Starke: Jonah 3:1. God’s purpose and command must succeed and be accomplished; for it cannot be hindered or frustrated by any human designs. God by means of the ministry saves sinners by sinners.

Jonah 3:2. God even during the time of the Old Covenant, sought the salvation of the heathen.

Jonah 3:3. Nineveh, a great city to the Lord, should surely have been devoted to God: God had wrought for it (Jonah 4:10). Παθήματα, μαθήματα, nocumenta, documenta, poor in spirit, rich in faith (armselig macht gottselig, Isaiah 28:19). God can well tolerate great cities, if they only give place to Him and his word.

Jonah 3:4. Since God has still his own everywhere, these most likely were the first to have been awakened, and to have served as coadjutors in the preaching of repentance.

Jonah 3:5. Credidit Ninive et Israel incredulus perseverat; credidit Præputium, et circumcisio permanet infidelis. Where the Word of God is preached sincerely and purely, there it brings fruit in its season, if not in all, at least in some. (1 Thessalonians 2:13.) Jonah did in his mission, as did the Apostles. Wherever they came, they did not seek first permission from the magistrate; but they rested [their authority] upon the command of Christ.

Jonah 3:7. It is well for the masses of a community, when pious magistrates have also pious servants around them. It is a strong proof of sincere repentance for sins committed to remove every occasion to lust out of the way.

Jonah 3:8. One must prove his repentance by external acts. It is a peculiar instance of Divine justice that God suffered Israel to be destroyed by the same people, who repented at the voice of his prophet, while on the contrary, the Israelites had despised all the prophets from Samuel down. God’s decree has always a fundamental reference to conversion [hat die Ordnung der Bekehrung immer zum Grunde].

Pfaff: God does not change his commands. He repeats his calling grace. He calls the sinner twice, thrice, yea, even to the end.

Jonah 3:4 : A preacher must speak the truth frankly [deutsch], and not sugar it over and deprive it of its power by ornaments and flattery. One must plainly say to sinners that they are hastening to destruction.

Jonah 3:7. Here we find established the right of the magistrate in spiritual things; especially in regard to the externals of Divine worship and its right ordering.

Jonah 3:9-10. It is certain that God bestows his grace upon the penitent.
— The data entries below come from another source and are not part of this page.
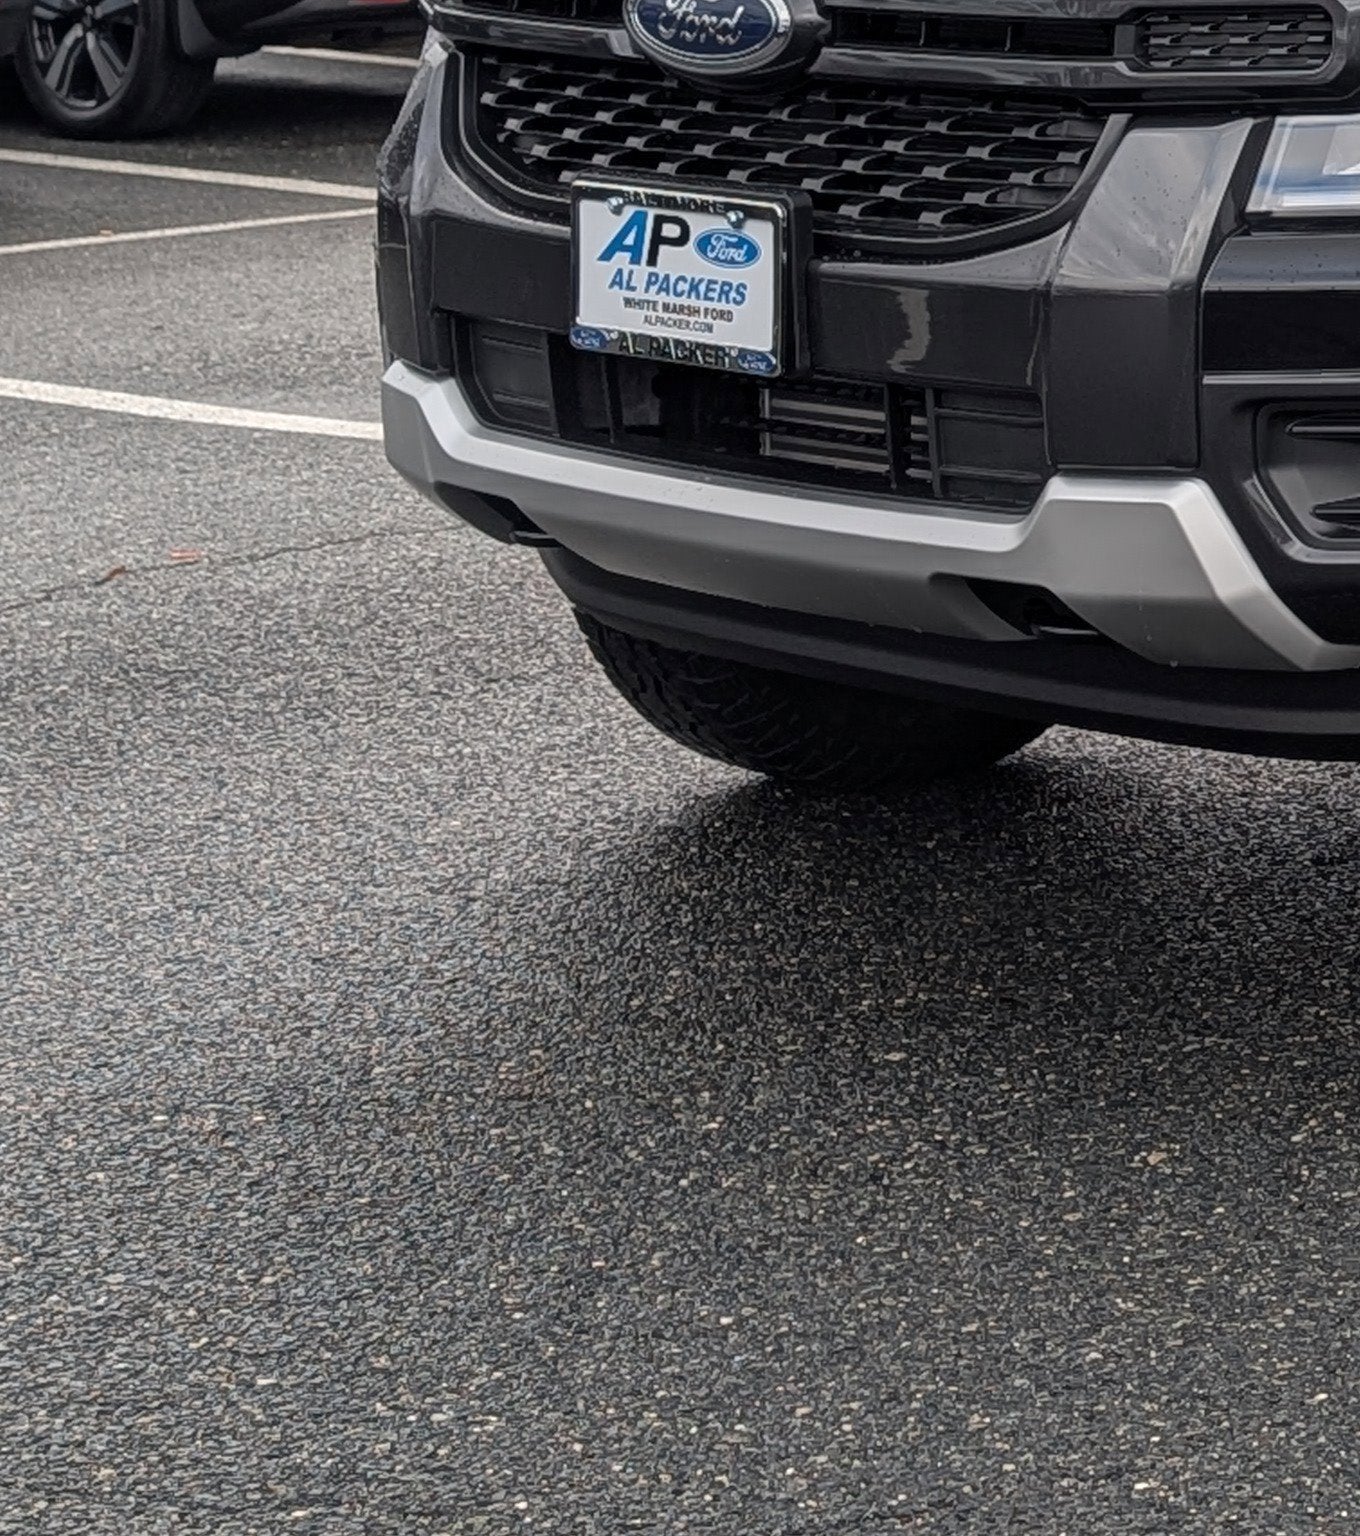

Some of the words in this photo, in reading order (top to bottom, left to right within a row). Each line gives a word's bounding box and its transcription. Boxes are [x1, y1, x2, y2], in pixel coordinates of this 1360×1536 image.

[596, 209, 691, 268] AP
[706, 235, 748, 263] Ford
[608, 267, 638, 292] AL
[643, 271, 748, 306] PACKERS
[622, 296, 660, 314] WHITE
[661, 301, 701, 318] MARSH
[703, 307, 734, 323] FORD
[642, 315, 714, 334] ALPACKER.COM
Quandt: Jonah 3:1. With God nothing is impossible. Truly, the heart must suffer itself to be broken, otherwise even God cannot break it by his Almighty power. The same word of God, which was rejected and despised by us in former times, is received by us with devotion, when it comes to us the second time and we in the meantime have become different persons. Many individuals and families want nothing but the cross to bring them back.

Jonah 3:3. Alas! Jonah has more followers in the way of flight than in the way of obedience.
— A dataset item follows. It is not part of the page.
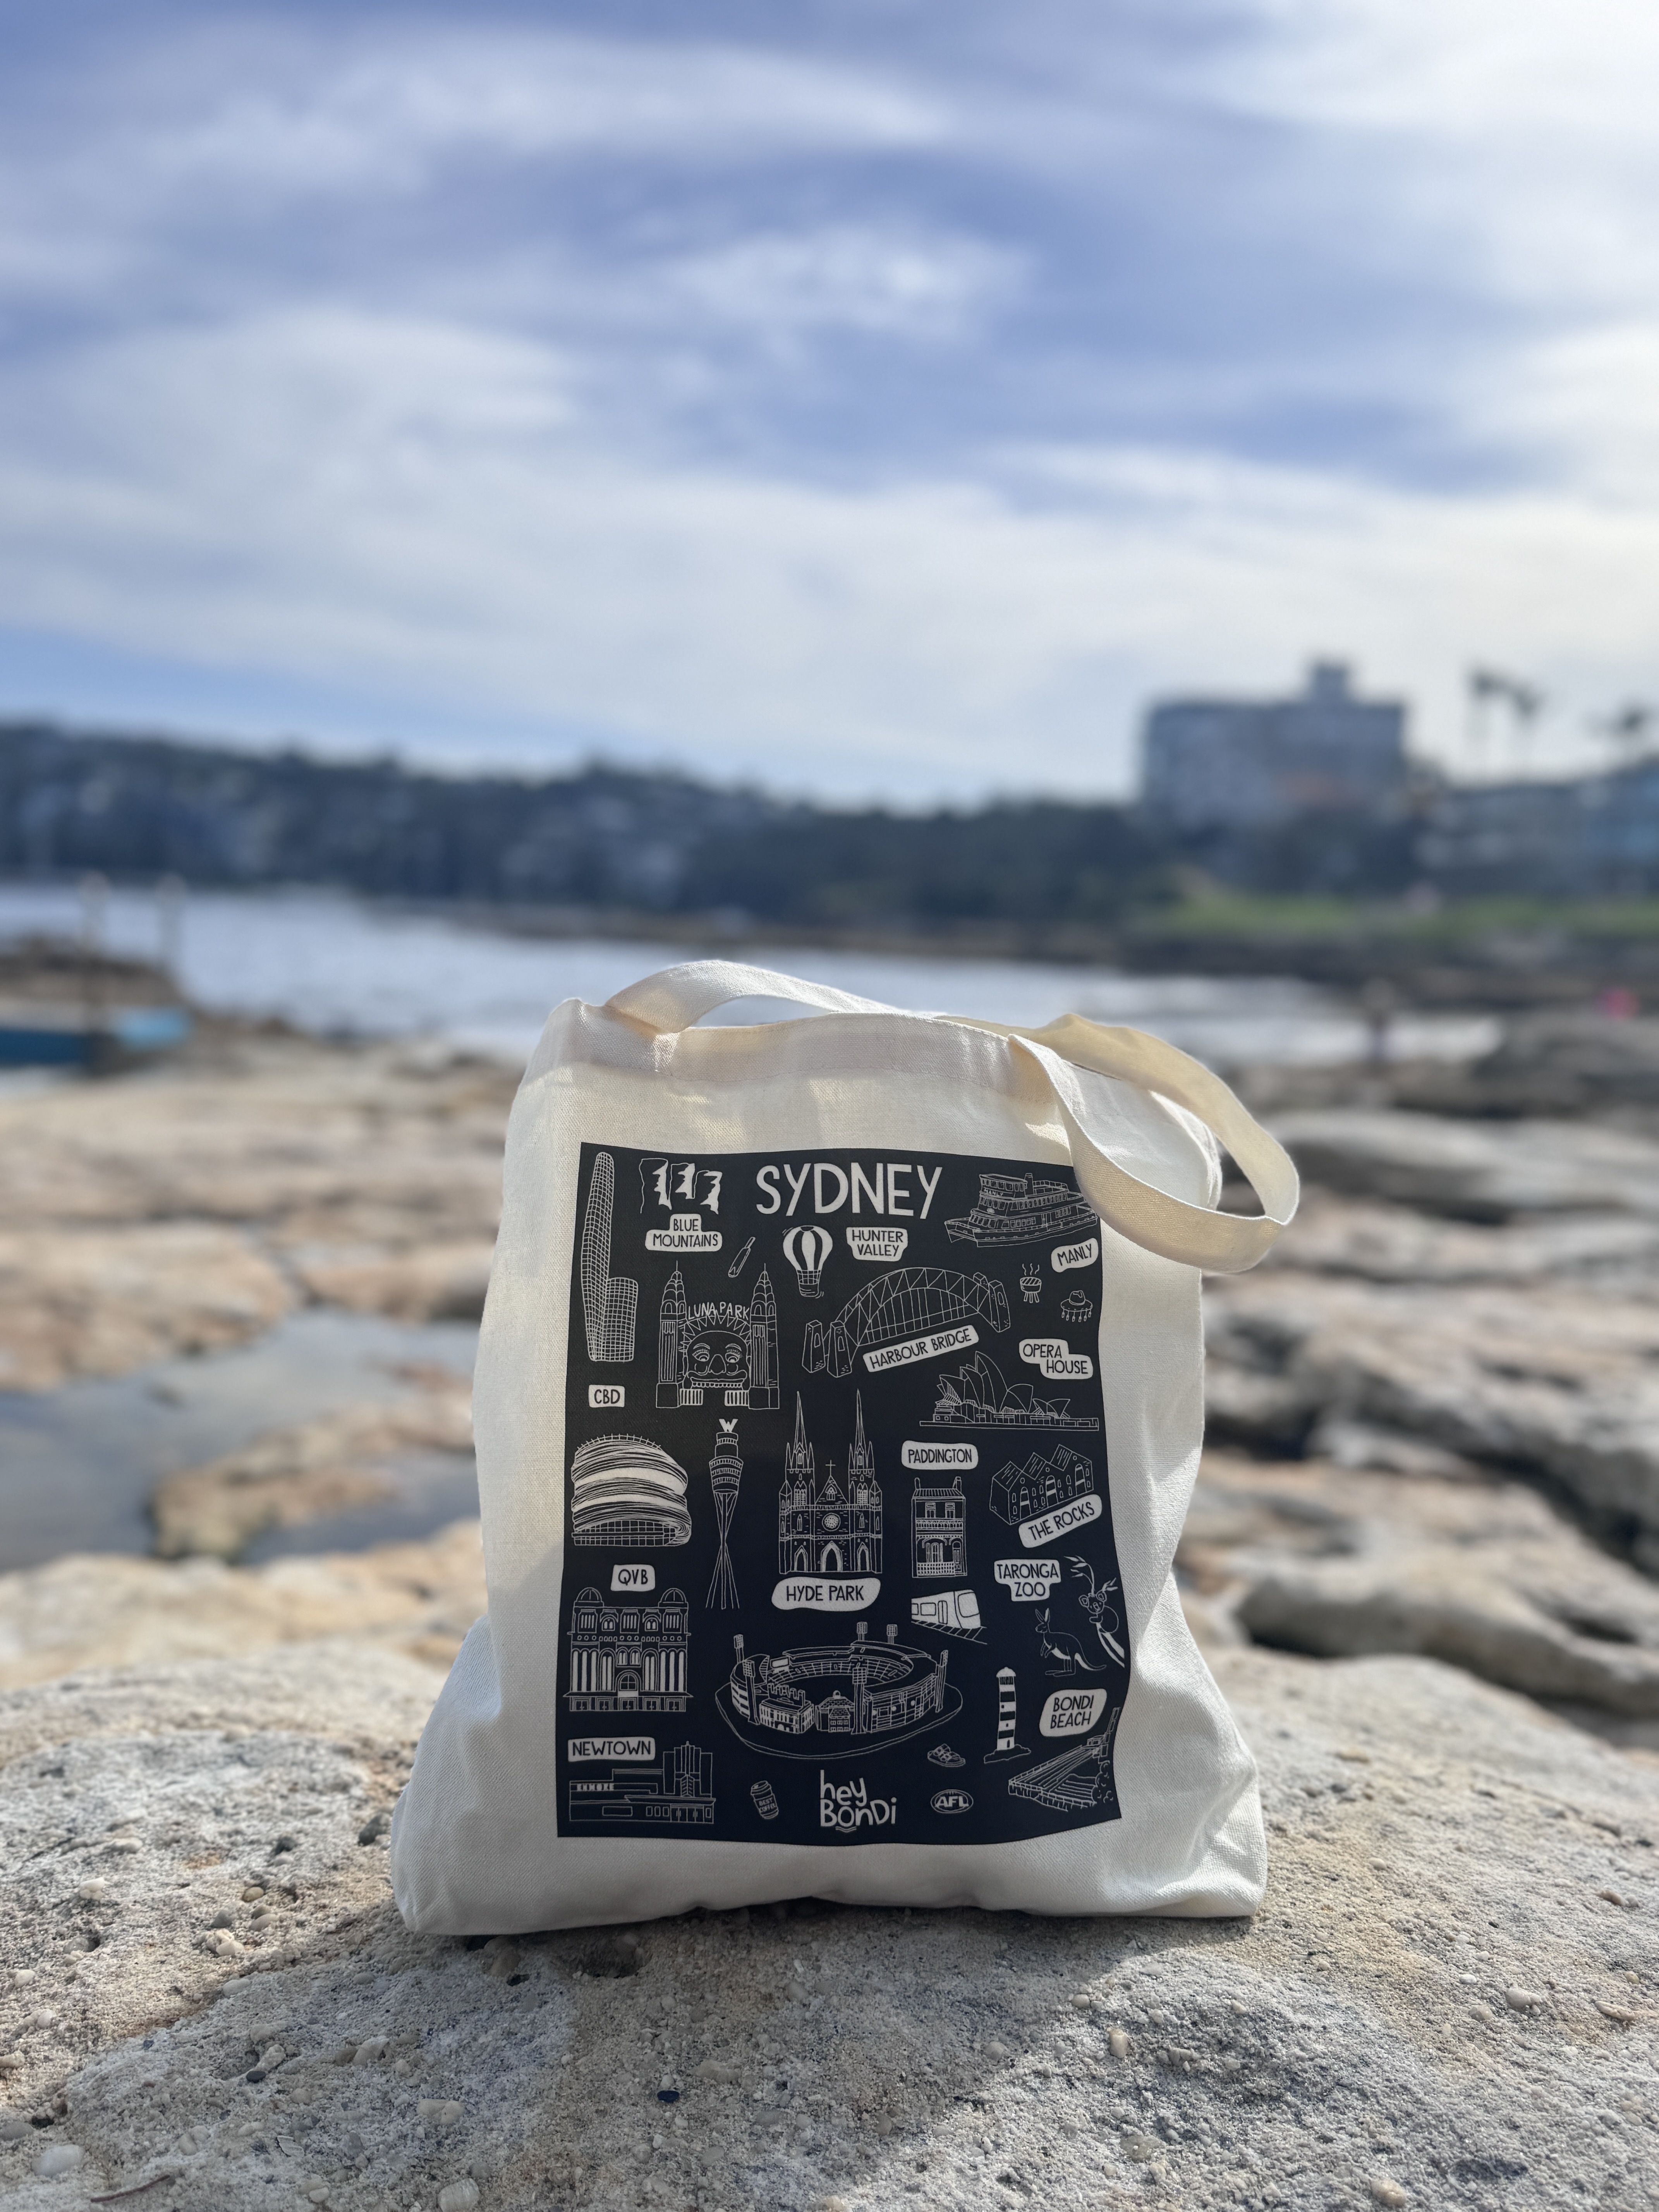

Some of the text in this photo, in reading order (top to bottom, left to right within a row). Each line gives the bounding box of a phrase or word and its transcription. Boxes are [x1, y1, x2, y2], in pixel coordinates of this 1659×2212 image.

Jonah 3:4. Three ways may be pursued on receiving such a terrible message—despair, frivolous mockery, repentance and conversion. The Ninevites chose the third.

Jonah 3:9. Faith disappoints nobody.

Jonah 3:10. That Nineveh was converted was a wonder. With us, it is a wonder, if we are not converted.

Marck: Jonah 3:1. God is so good and so indulgent to the weaknesses of his servants, that even after repeated proofs of his grace, He makes known his will to them, not once, but oftener, in order that they may have no pretext of ignorance, but may know the true object of their redemption, namely, to obey the commands of their Redeemer and to manifest his glory.

Burck: God does not utterly reject him, who has failed once; but He rather gives him a new opportunity of correcting former faults.

Rieger: To him, who comes out of trouble, danger, and sickness, God commonly permits an opportunity soon to occur, when he can pay his vows.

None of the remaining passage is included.